His father was killed on the Russian front in the winter of '42— '43, while his son was a Hitler Youth leader in Dresden. Difficult years, Mann remembered. Years that he would not care to repeat in prison somewhere.
He picked up the phone and called Speyer, who answered on the first ring, as if he had been expecting the call.
“Yes.”
“Good afternoon, Helmut. Are congratulations in order?”
“Herr General, I was just about to call you. We got in late last night. But, yes, congratulations are most definitely in order. The mission to this point has been a clean sweep.”
“I am happy to hear that. What about Mr. Browne? Konrad has expressed concerns that he could present a problem to us.”
“That's been taken care of. He need not worry you any longer, nor should the Russians. Browne is dead and Lukashin has been well taken care of. He knows the consequences for him should he try anything. All the bases are covered.”
“There is the business with the Fourth of July shooting. The FBI is very interested in you.”
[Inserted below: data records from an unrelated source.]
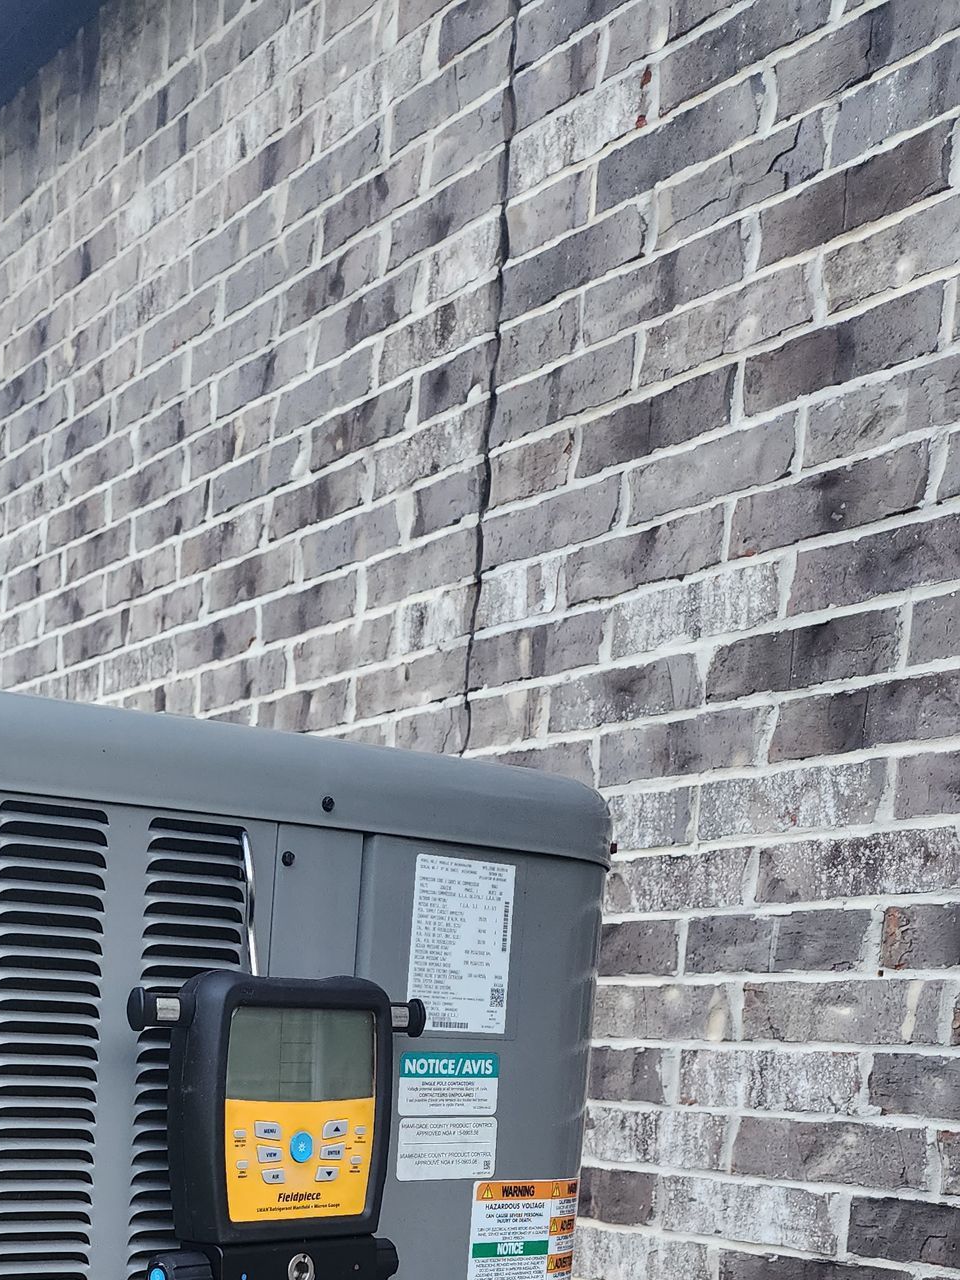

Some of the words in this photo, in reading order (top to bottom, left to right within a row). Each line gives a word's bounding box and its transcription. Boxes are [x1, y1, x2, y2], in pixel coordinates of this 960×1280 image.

[404, 1058, 493, 1075] NOTICE/AVIS
[501, 1185, 535, 1197] WARNING
[277, 1192, 321, 1203] Fieldpiece
[485, 1202, 520, 1210] HAZARDOUS
[496, 1242, 524, 1255] NOTICE
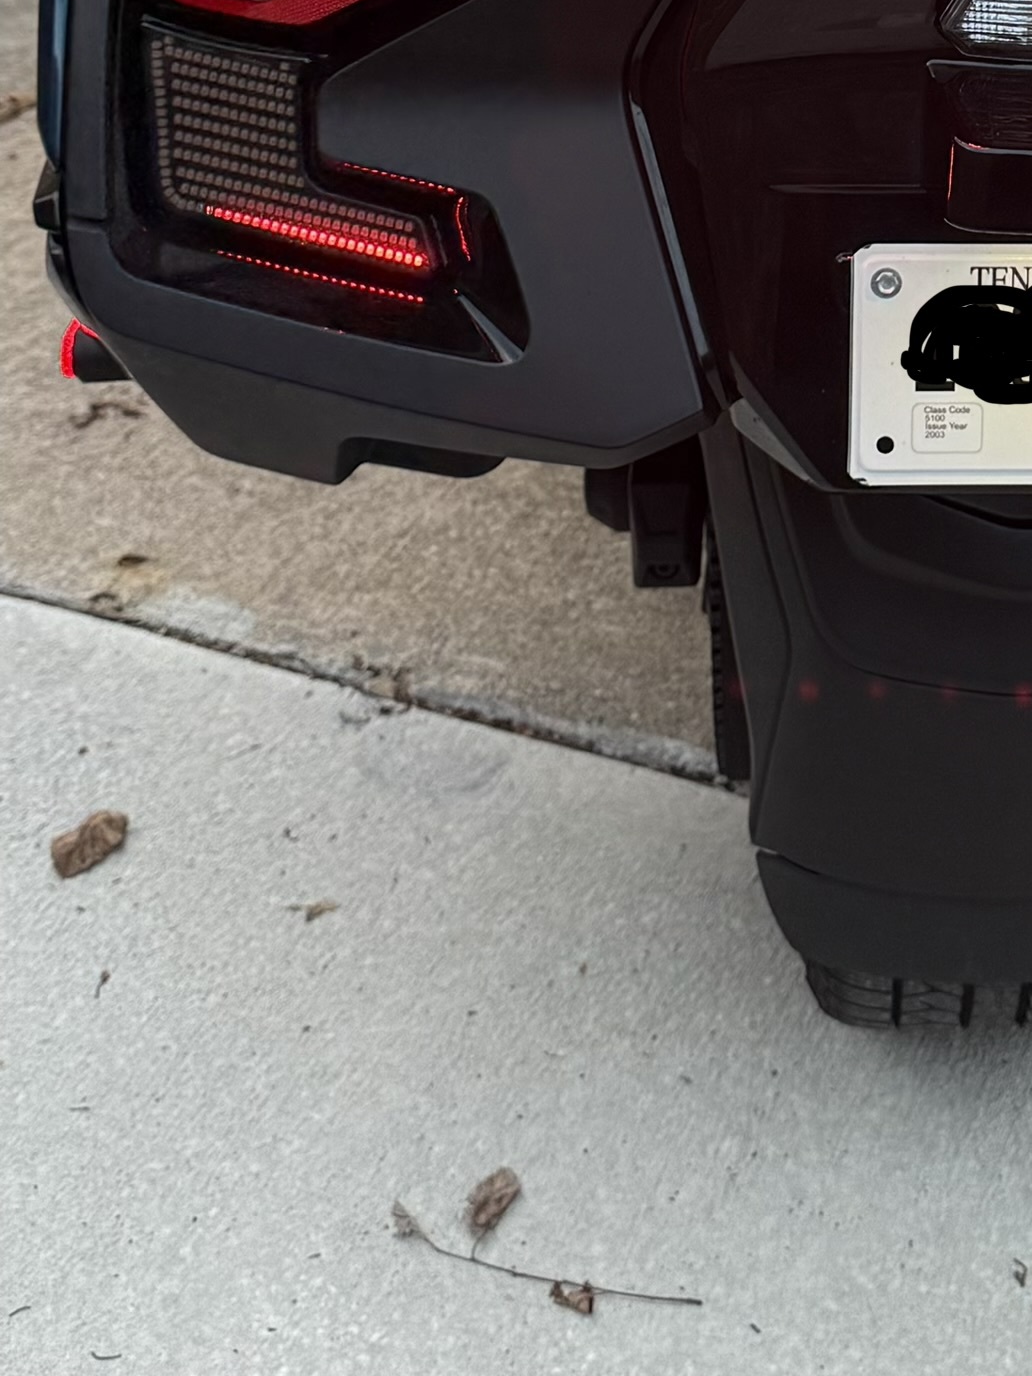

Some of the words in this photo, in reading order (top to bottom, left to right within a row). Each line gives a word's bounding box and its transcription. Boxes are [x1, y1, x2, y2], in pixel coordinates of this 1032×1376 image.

[924, 405, 947, 414] Class
[949, 405, 971, 414] Code
[925, 414, 946, 422] 5100
[925, 422, 947, 430] Issue
[949, 422, 968, 430] Year
[925, 431, 945, 439] 2003
“That was all Browne's doing,” Speyer said. “But it makes no difference. We're leaving here in a few days and we won't be coming back.”
“Where are you going?”
“Eden.”
On the surface that was good news to Mann. But there was more here than Speyer was telling him. “When will you be settled? I would like to visit.”
“Give me a week, General. Perhaps a day or two longer, and we'll have a celebration dinner that you will never forget.”
 
Mann telephoned his contact at the FBI. As with Speyer, it seemed as if he had been expecting the call.
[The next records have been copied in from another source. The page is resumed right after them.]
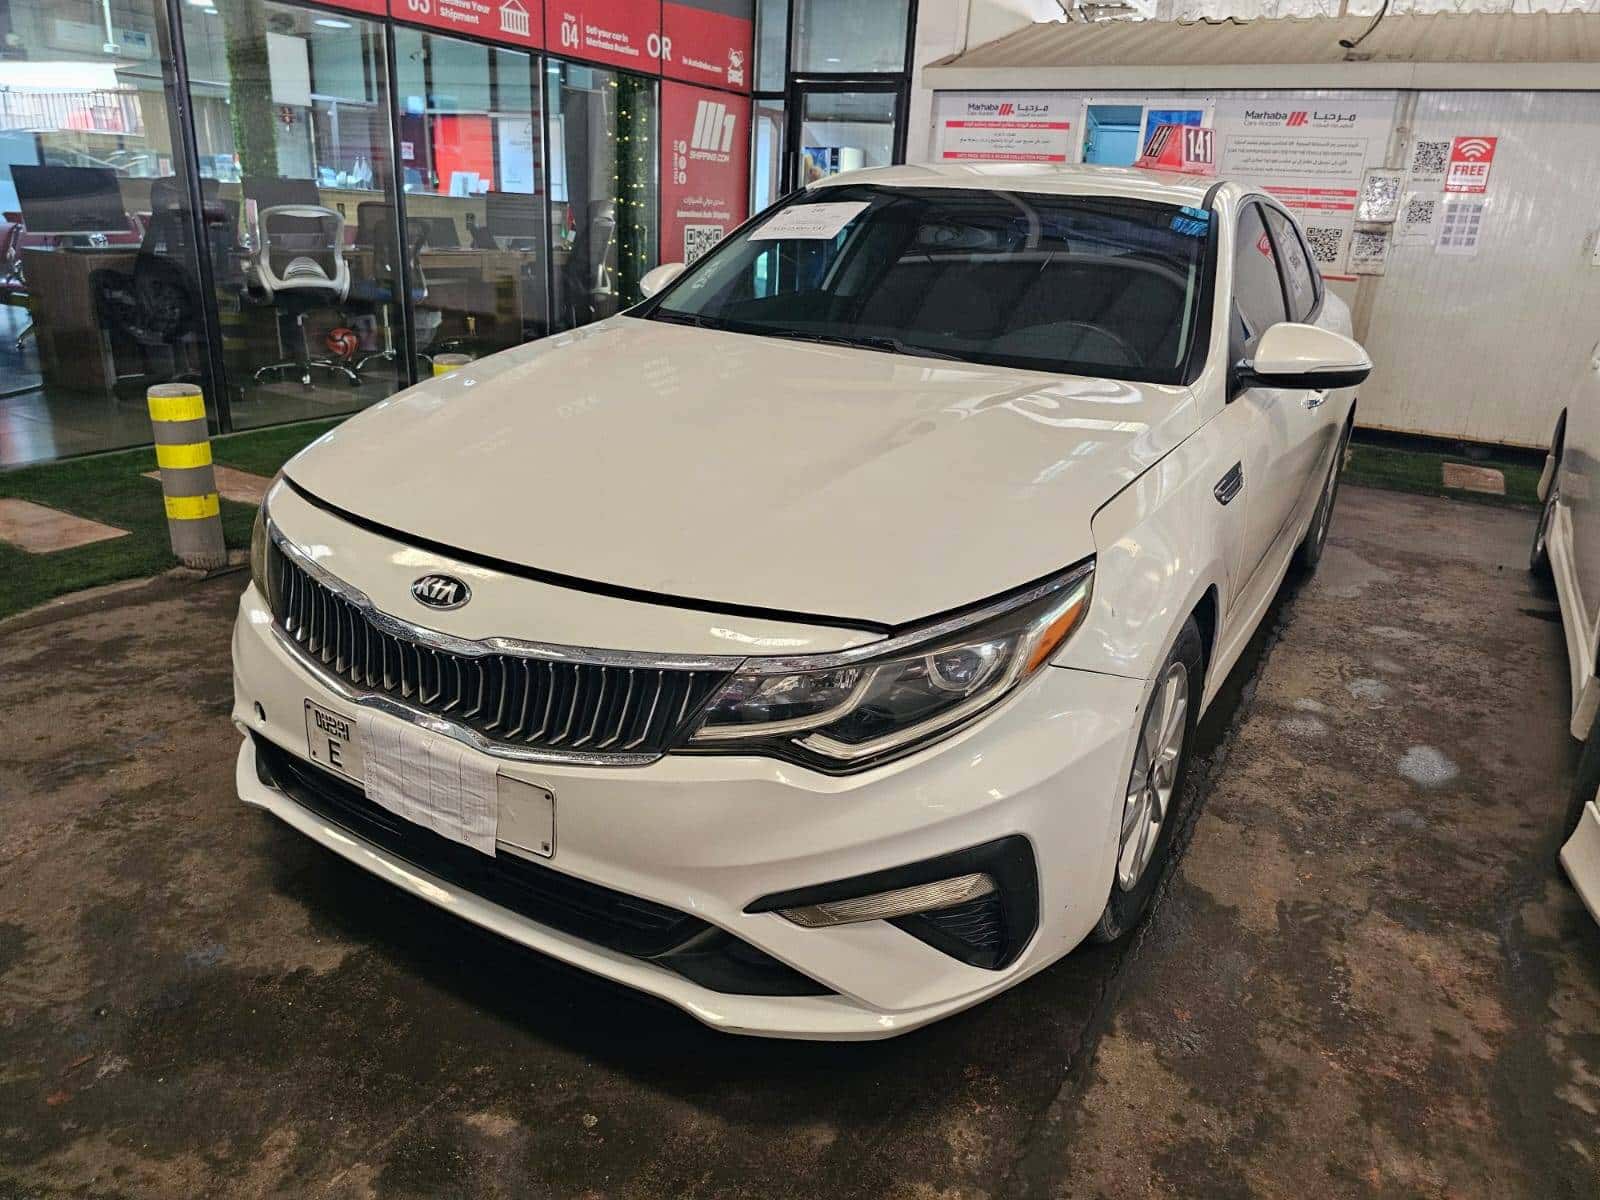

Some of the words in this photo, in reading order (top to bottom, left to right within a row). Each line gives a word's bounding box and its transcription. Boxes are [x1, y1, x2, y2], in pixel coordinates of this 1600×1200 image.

[440, 7, 480, 25] Shipment
[561, 22, 579, 50] 04
[647, 33, 672, 62] OR
[967, 103, 998, 112] Marhaba
[1244, 110, 1288, 121] Marhaba
[1313, 111, 1357, 123] مرحبا
[1188, 129, 1212, 164] 141
[1453, 165, 1485, 177] FREE
[415, 576, 458, 604] KIA
[328, 739, 343, 767] E
“Do we have a problem on our hands in Montana?” Mann asked.
“I have an SAC out there who wants to beat the bushes. She called me this morning and asked for some help.”
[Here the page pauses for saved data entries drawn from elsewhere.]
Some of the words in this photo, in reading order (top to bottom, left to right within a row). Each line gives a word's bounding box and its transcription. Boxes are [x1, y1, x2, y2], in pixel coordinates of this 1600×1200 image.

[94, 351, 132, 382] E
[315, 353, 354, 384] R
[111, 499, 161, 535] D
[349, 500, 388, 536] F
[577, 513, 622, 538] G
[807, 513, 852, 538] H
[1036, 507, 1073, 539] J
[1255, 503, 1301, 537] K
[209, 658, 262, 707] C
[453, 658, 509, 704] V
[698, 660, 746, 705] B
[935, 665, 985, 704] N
“What did you say to her?”
“That the German government has all but given up on the investigation. But somehow Konrad's name came up.”
“You know where to lead her,” Mann said. “Konrad is a good and loyal American.”
“Of course he is,” Tom Fletcher agreed. “As all of us are.” He chuckled. “Don't worry, Herr General, Special Agent Boulton will cause us no trouble. But maybe you could convince Helmut to get the hell out of there for the time being.”
“Consider it done.”
“Then it's settled.”
“One further matter. Have you come up with anything on the man I asked you about?”
“John Edward Browne. South African Intelligence, or at least he was until he got fired. Since then he's dropped out and no one's heard from him.”
“He's legitimate?”
“So far as I can tell.”
“Keep checking, please. He must have surfaced somewhere in the past few years. Men like that don't simply retire, they find new masters. I want to know who his are.”
After three days in the hospital, his wounds stitched up, inhalation therapy to soothe his lungs which were burned by the diesel oil fumes, Bill Lane was not only ready to break out, he insisted on it. He was still in pain, which he couldn't conceal as he pulled a Ris-catto Portofino soft beige summer sweater over his head, but it was manageable.
“I think you're dotty checking out so soon,” Tom Hughes told him disapprovingly. “Speyer's not that important.”
“Yes, he is,” Lane said, slipping into his hand-sewn Italian loafers. “He killed the innocent crew aboard the
Maria
, and you said yourself that he gunned down Otto Schaub at the chalet outside Neubrandenberg. They were friends.”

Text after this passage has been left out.